University of Alberta lab looks to inspire micro-condo development in the province

Associate professor and tiny-home builder Tim Antoniuk has turned part of the university's design studio into a micro condo.

'It's really important for me to bring in people, students, the public at large'

Tim Antoniuk gives a tour of the newest lab at University of Alberta, which doubles as a tiny condo. 1:46

The University of Alberta is opening up a 230-square-foot condo inside its industrial design studio to solicit feedback from the public about how such spaces could fit into the lives of Albertans.

The Micro Habitation Lab's grand opening was held Friday for students, developers and policymakers.

Associate professor and tiny-home builder Tim Antoniuk has turned part of the university's design studio into the micro condo. He's the designer and installer of the living room, bathroom, kitchen and bed.

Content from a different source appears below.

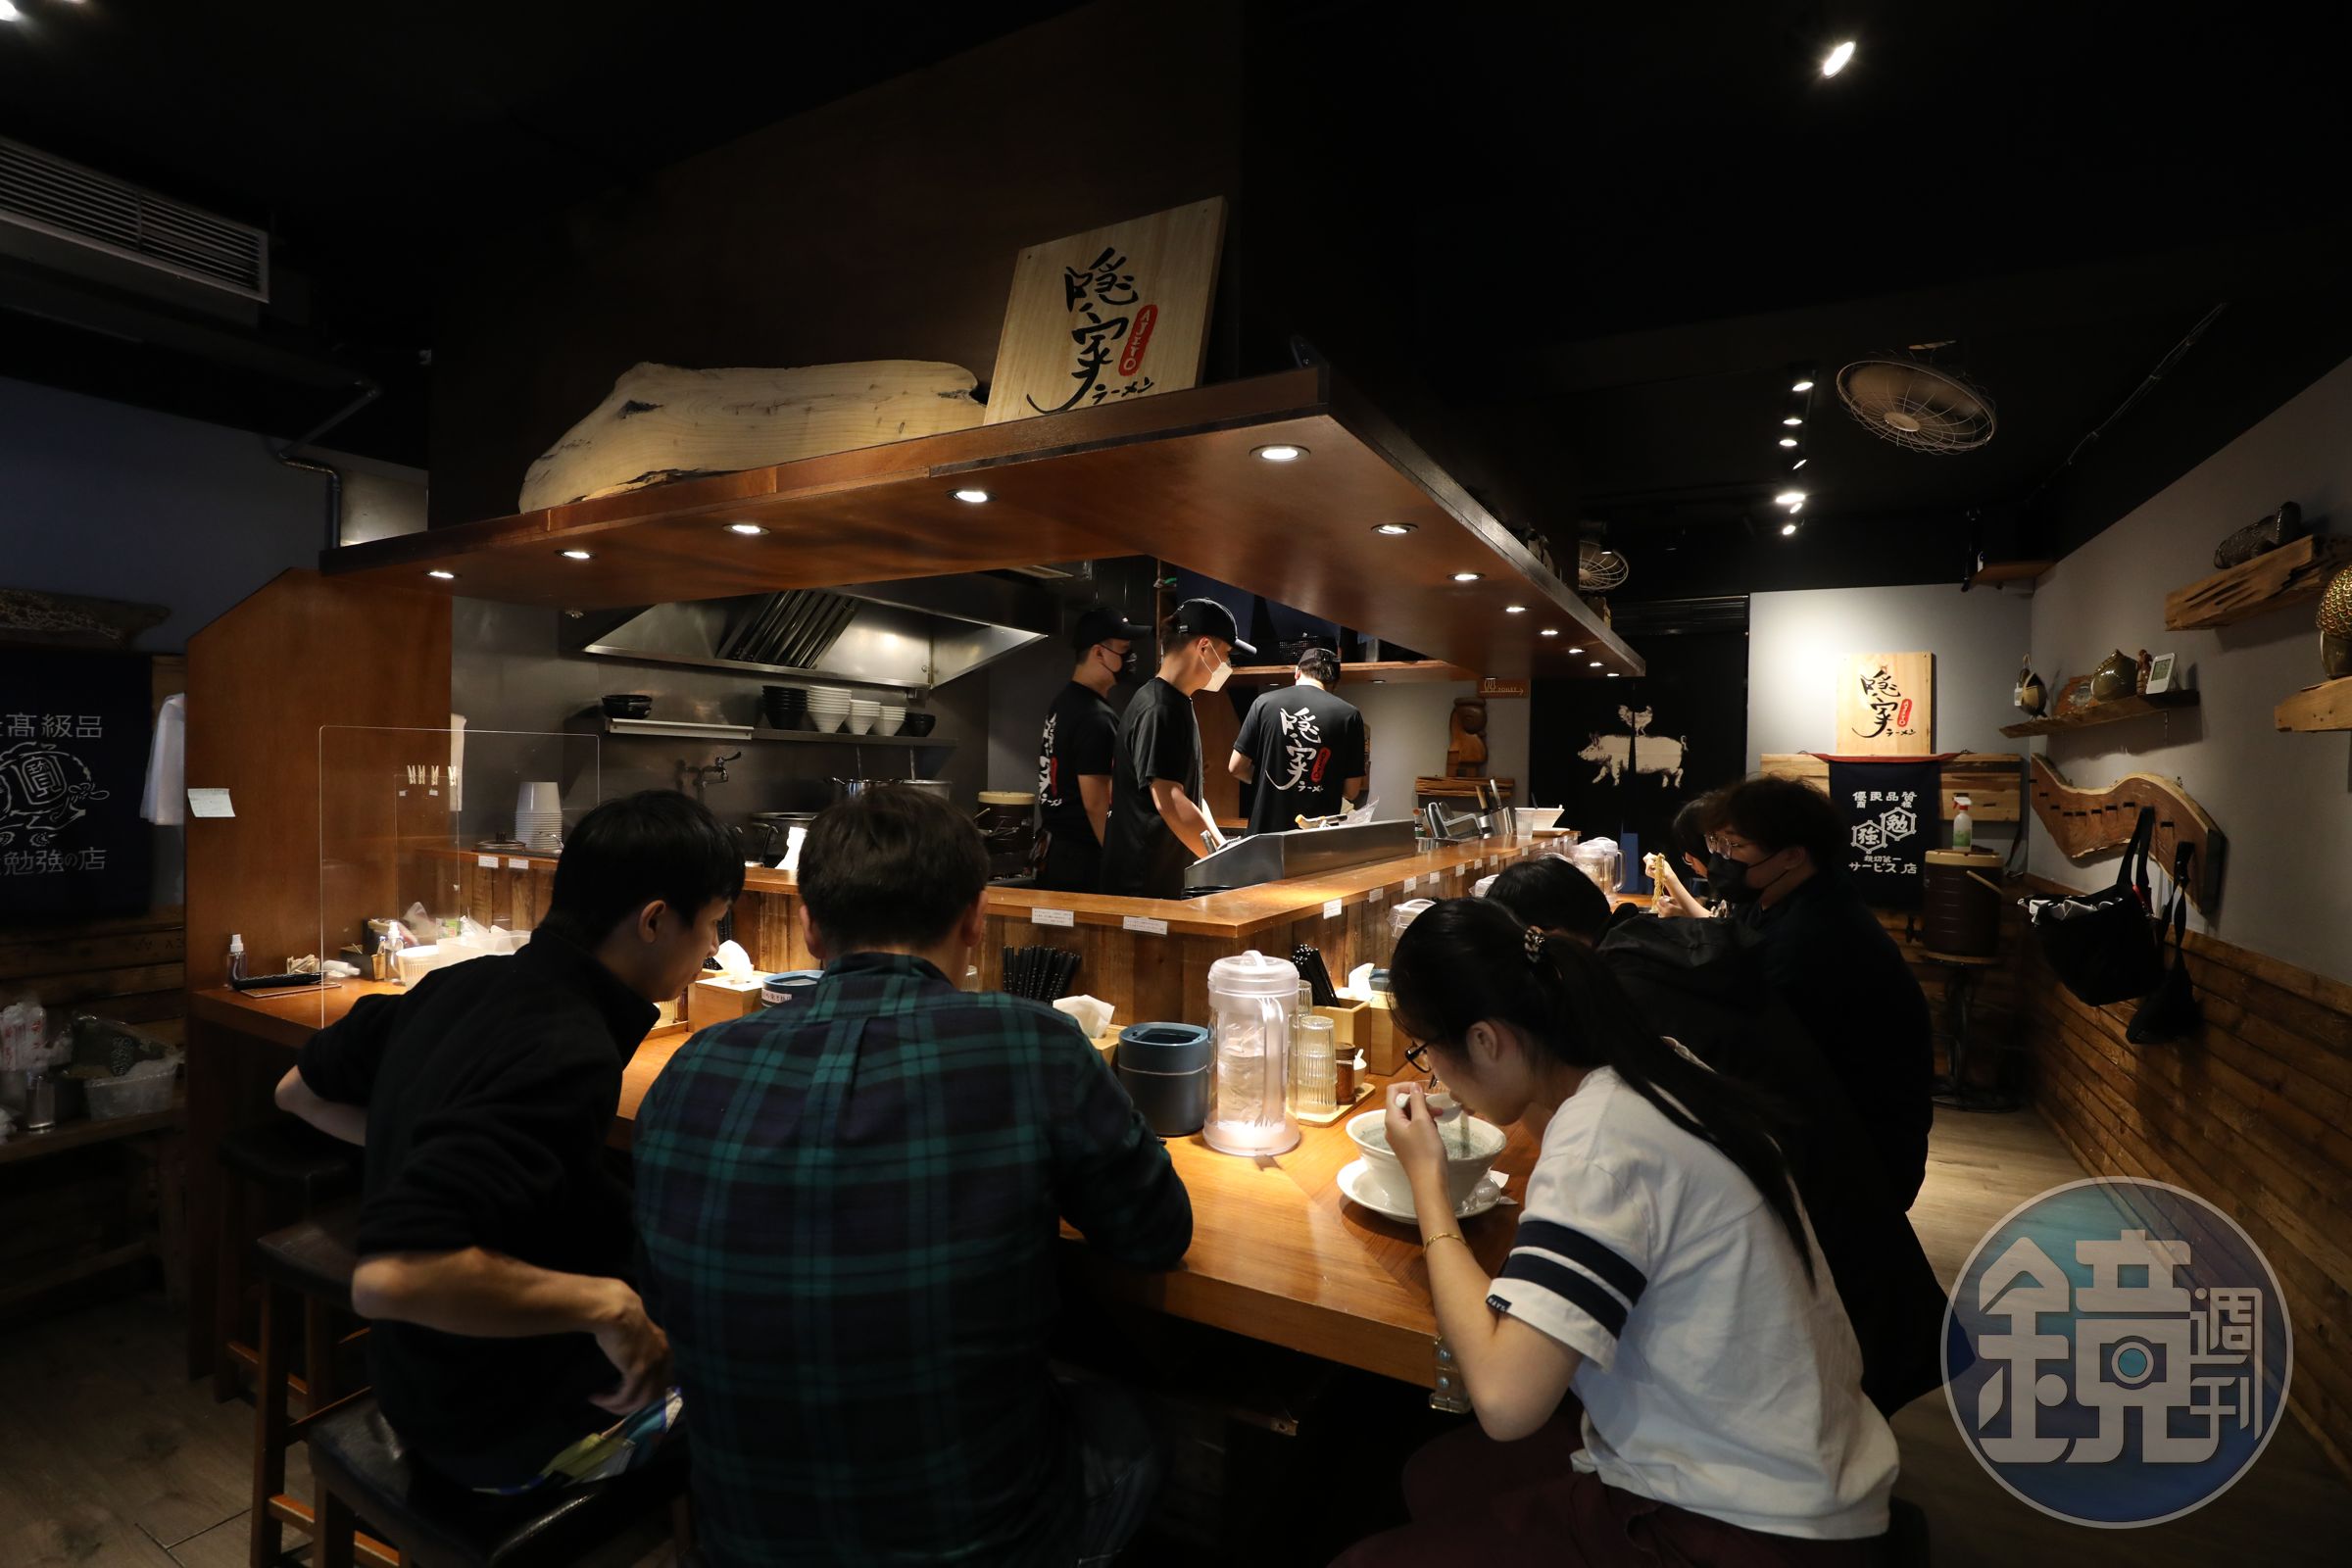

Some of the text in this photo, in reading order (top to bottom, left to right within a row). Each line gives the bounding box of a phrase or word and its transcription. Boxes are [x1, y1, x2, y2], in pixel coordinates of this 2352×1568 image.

[1122, 309, 1152, 371] AJITO
[1092, 376, 1154, 405] ラーメン
[0, 846, 108, 876] 勉強の店

The area features a folding bed, while the bathroom wall can be moved to create more living space and tables can be extended or tucked away when not in use.

Antoniuk is using the space to get feedback from the public about whether they think the design could work for them.

"It's really important for me to bring in people, students, the public at large, and developers to understand what the people want as opposed to me as a designer saying here's what you guys should develop," he said.
Tim Antoniuk designed and installed the tiny condo in the University of Alberta's Micro Habitation Lab. (Travis McEwan/CBC)

Tiny condos could work for retirees looking to downsize or for young people who want to live downtown, he added.

"Millennials, one of the defining characteristics of them is that they like experiences more than an accumulation of assets or products," he said. "They're happy to live in a small space that's humble and well designed."

He says a tiny condo similar to his design could potentially cost $150,000.